** DATA TO PROCESS follows **

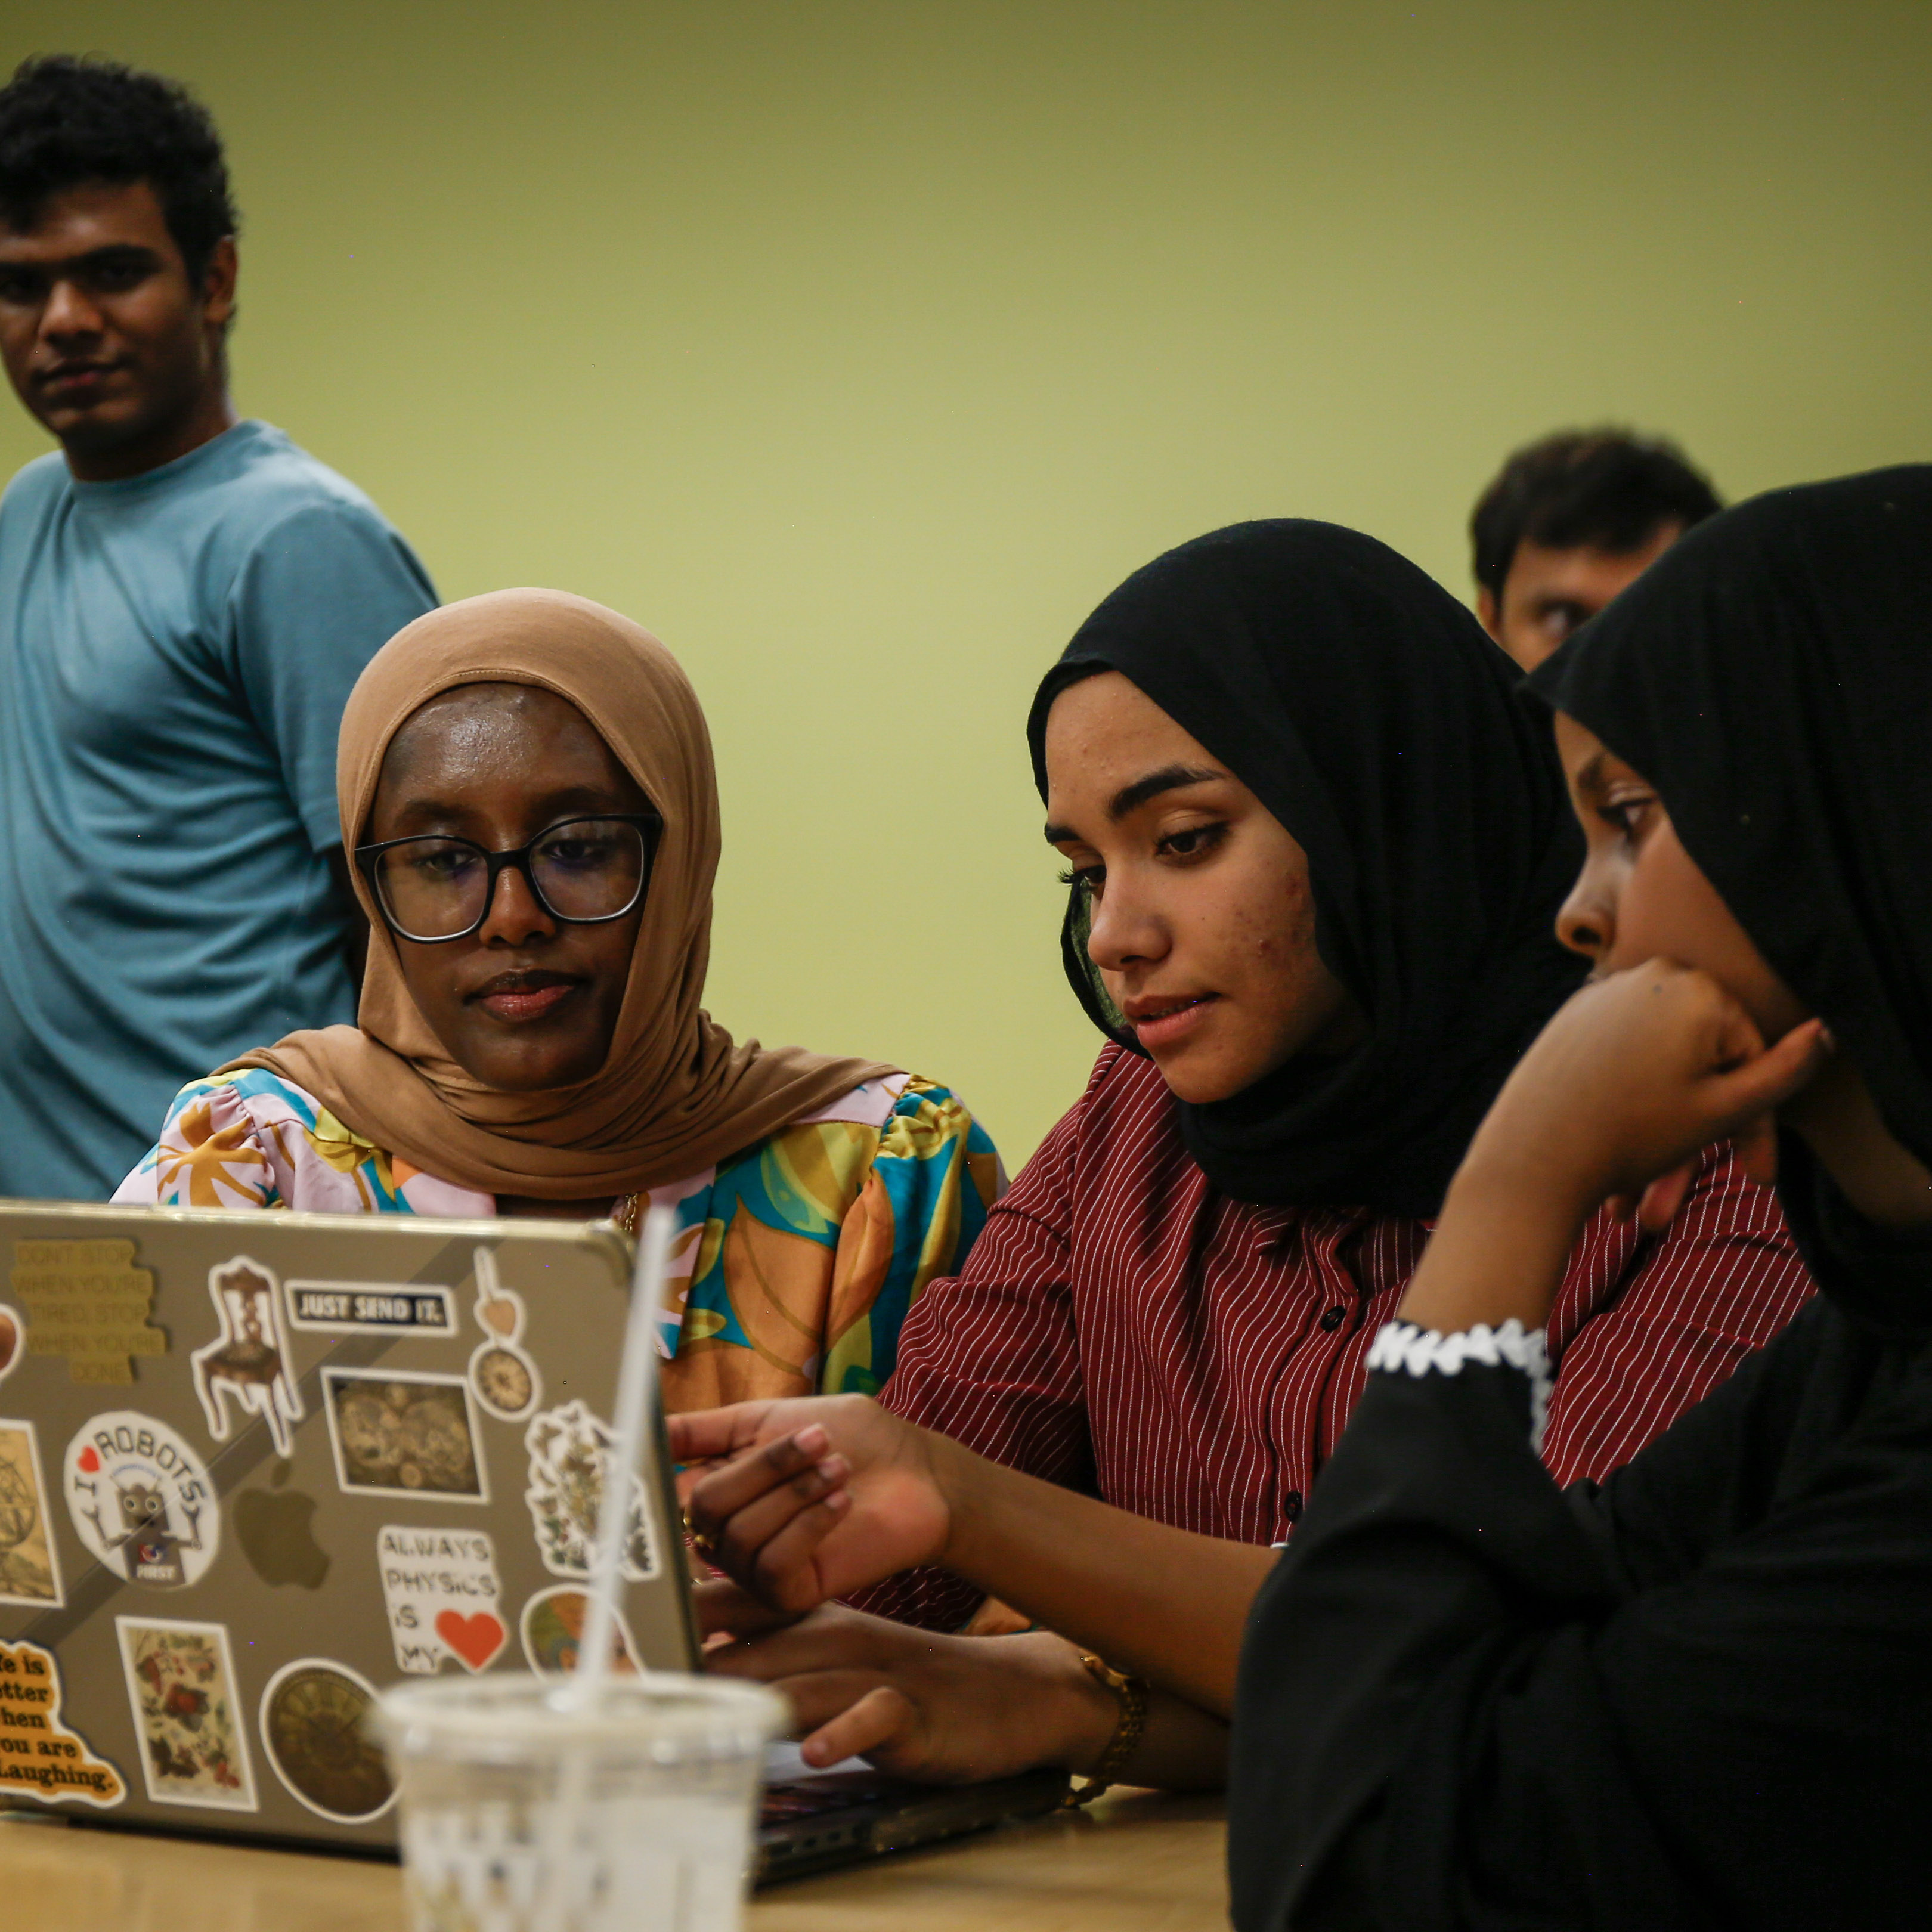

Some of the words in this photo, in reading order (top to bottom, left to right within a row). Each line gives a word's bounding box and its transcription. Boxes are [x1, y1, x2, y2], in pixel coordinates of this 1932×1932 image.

[300, 1293, 349, 1318] JUST
[355, 1295, 412, 1321] SEND
[75, 1476, 97, 1497] I
[94, 1426, 206, 1502] ROBOTS
[384, 1534, 489, 1561] ALWAYS
[137, 1565, 177, 1579] FIRST
[23, 1654, 45, 1676] is
[400, 1645, 438, 1668] MY
[0, 1682, 48, 1702] tter
[38, 1741, 77, 1758] are
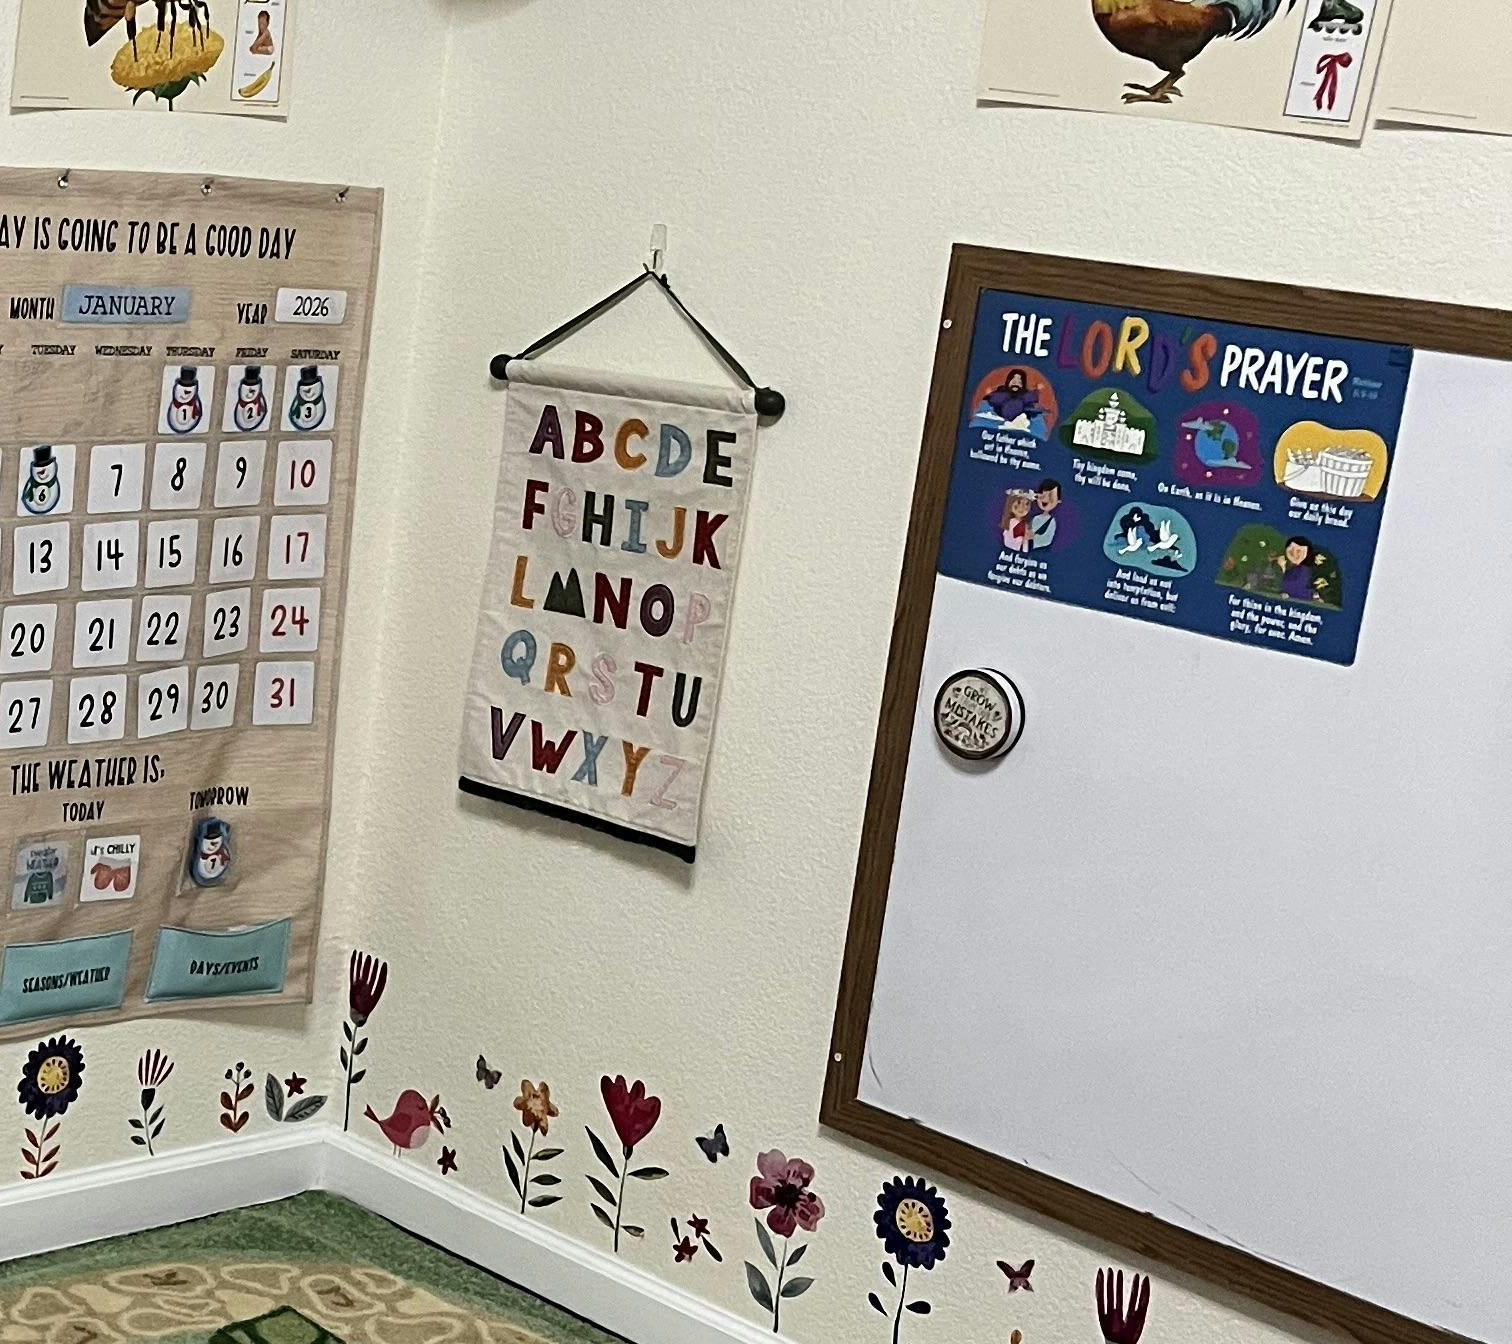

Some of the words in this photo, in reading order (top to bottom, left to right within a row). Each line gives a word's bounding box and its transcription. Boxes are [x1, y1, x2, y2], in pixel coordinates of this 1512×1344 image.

[34, 217, 51, 249] IS
[58, 218, 118, 252] GOING
[128, 222, 150, 253] TO
[157, 222, 179, 255] BE
[185, 223, 196, 255] A
[206, 225, 251, 257] GOOD
[258, 228, 296, 259] DAY
[10, 297, 55, 320] MONTH
[78, 294, 176, 316] JANUARY
[238, 303, 267, 324] YEAR
[293, 296, 329, 317] 2026
[31, 344, 76, 355] TUESDAY
[95, 346, 152, 356] WEDNESDAY
[166, 346, 215, 357] THURSDAY
[236, 348, 268, 357] FRIDAY
[291, 349, 340, 360] SATURDAY
[1002, 312, 1052, 357] THE
[1055, 315, 1218, 394] LORD'S
[1220, 344, 1348, 403] PRAYER
[181, 406, 188, 421] 1
[247, 406, 255, 420] 2
[303, 406, 312, 420] 3
[38, 489, 46, 503] 6
[111, 464, 123, 497] 7
[171, 457, 187, 491] 8
[235, 457, 247, 489] 9
[290, 459, 315, 489] 10
[29, 539, 53, 574] 13
[96, 538, 124, 572] 14
[159, 534, 181, 568] 15
[223, 534, 243, 566] 16
[284, 531, 309, 564] 17
[10, 622, 45, 657] 20
[89, 619, 115, 651] 21
[146, 612, 180, 646] 22
[213, 606, 241, 641] 23
[270, 604, 309, 636] 24
[8, 698, 41, 733] 27
[79, 691, 117, 727] 28
[148, 684, 180, 721] 29
[201, 680, 229, 713] 30
[270, 678, 295, 708] 31
[11, 762, 40, 795] THE
[48, 758, 137, 790] WEATHER
[63, 801, 104, 822] TODAY
[190, 956, 259, 975] DAYS/EVENTS
[23, 967, 110, 993] SEASONS/WEATHER

** End of DATA TO PROCESS **

• _WHAT IS BEING ASKED_: Without including the pictures, reproduce all entries exactly.

• _WORKED SOLUTION_:
Some of the words in this photo, in reading order (top to bottom, left to right within a row). Each line gives a word's bounding box and its transcription. Boxes are [x1, y1, x2, y2], in pixel coordinates of this 1932×1932 image.

[300, 1293, 349, 1318] JUST
[355, 1295, 412, 1321] SEND
[75, 1476, 97, 1497] I
[94, 1426, 206, 1502] ROBOTS
[384, 1534, 489, 1561] ALWAYS
[137, 1565, 177, 1579] FIRST
[23, 1654, 45, 1676] is
[400, 1645, 438, 1668] MY
[0, 1682, 48, 1702] tter
[38, 1741, 77, 1758] are

Some of the words in this photo, in reading order (top to bottom, left to right within a row). Each line gives a word's bounding box and its transcription. Boxes are [x1, y1, x2, y2], in pixel coordinates of this 1512×1344 image.

[34, 217, 51, 249] IS
[58, 218, 118, 252] GOING
[128, 222, 150, 253] TO
[157, 222, 179, 255] BE
[185, 223, 196, 255] A
[206, 225, 251, 257] GOOD
[258, 228, 296, 259] DAY
[10, 297, 55, 320] MONTH
[78, 294, 176, 316] JANUARY
[238, 303, 267, 324] YEAR
[293, 296, 329, 317] 2026
[31, 344, 76, 355] TUESDAY
[95, 346, 152, 356] WEDNESDAY
[166, 346, 215, 357] THURSDAY
[236, 348, 268, 357] FRIDAY
[291, 349, 340, 360] SATURDAY
[1002, 312, 1052, 357] THE
[1055, 315, 1218, 394] LORD'S
[1220, 344, 1348, 403] PRAYER
[181, 406, 188, 421] 1
[247, 406, 255, 420] 2
[303, 406, 312, 420] 3
[38, 489, 46, 503] 6
[111, 464, 123, 497] 7
[171, 457, 187, 491] 8
[235, 457, 247, 489] 9
[290, 459, 315, 489] 10
[29, 539, 53, 574] 13
[96, 538, 124, 572] 14
[159, 534, 181, 568] 15
[223, 534, 243, 566] 16
[284, 531, 309, 564] 17
[10, 622, 45, 657] 20
[89, 619, 115, 651] 21
[146, 612, 180, 646] 22
[213, 606, 241, 641] 23
[270, 604, 309, 636] 24
[8, 698, 41, 733] 27
[79, 691, 117, 727] 28
[148, 684, 180, 721] 29
[201, 680, 229, 713] 30
[270, 678, 295, 708] 31
[11, 762, 40, 795] THE
[48, 758, 137, 790] WEATHER
[63, 801, 104, 822] TODAY
[190, 956, 259, 975] DAYS/EVENTS
[23, 967, 110, 993] SEASONS/WEATHER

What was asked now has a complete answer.